Il a contacté des femmes de toute la France. Des sommelières, une cheffe de salle d’un restaurant doublement étoilé, deux meilleures ouvrières de France et des cheffes cuisinières pour les faire travailler avec ses élèves et Mademoiselle Fayel pour ajouter la touche sucrée au repas gastronomique.
« L’événement du jour n’est pas un objectif en soi, son but est de créer une association de femmes, avance Jean-François Beaux. Ce ne sera pas une première, il y en a eu une en 1975. Et pourtant, les choses n’ont pas vraiment changé : avec autant de mérite, les femmes n’ont que peu de reconnaissance. »
« Dire aux filles qu’il y a de la place »
En cuisine, Emilie Villon lui emboîte le pas : « Nous sommes là pour dire aux jeunes filles qu’il y a de la place en cuisine, il y a un gros marché du travail. » La cheffe venue de Carpentras insiste sur la demande d’égalité, les différences de salaires mais voit aussi d’autres intérêts à cet événement national. « C’est l’occasion d’apprendre aux jeunes filles ici de nouvelles recettes, de parler entre nous de nouvelles tendances », ajoute-t-elle.

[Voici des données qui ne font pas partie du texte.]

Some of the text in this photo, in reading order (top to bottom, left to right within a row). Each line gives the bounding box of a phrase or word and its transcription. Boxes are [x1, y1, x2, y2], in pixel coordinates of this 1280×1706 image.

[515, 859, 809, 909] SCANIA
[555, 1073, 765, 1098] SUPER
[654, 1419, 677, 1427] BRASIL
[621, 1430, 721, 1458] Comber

Avec plus de 110 convives, les femmes ont travaillé toute la journée. Après la préparation des queues de lotte et des magrets de canard, place au dessert. Dites plutôt : pré-dessert ! Mademoiselle Fayel a concocté une glace à la verveine citronnée pour « faire de la place dans l’estomac avant le dessert ».
« C’est génial de pouvoir rencontrer du monde avec l’envie de construire ensemble, de se faire connaître aussi », explique Julie Lemesle.
Et ça marche, tout le monde veut goûter les différents parfums. L’heure est donc aux échanges, Julie regrette que « la place des femmes au quotidien soit en cuisine, mais pas quand on sort de la sphère familiale ».
Sortons des cuisines pour aller rencontrer la cheffe de salle. Claire Bâcle travaille dans un restaurant noté deux étoiles au guide Michelin à La Plaine-sur-Mer. Elle montre aux étudiantes comment elle souhaite voir la table disposée. Elle est ravie d’une telle pluralité de femmes : « Il y a des grandes cheffes comme des cheffes à domicile, de tous les milieux donc. C’est superbe ! » Comme ses consœurs, Claire Bâcle subit l’hégémonie masculine à son poste. « Quand on grimpe dans les échelons, il y a de la jalousie, des remarques », déplore-t-elle.
Les choses changent, petit à petit. À La Table des Dames de les accélérer vers l’égalité. Mademoiselle Fayel s’inscrit pleinement dans le projet, et ce nécessaire changement social.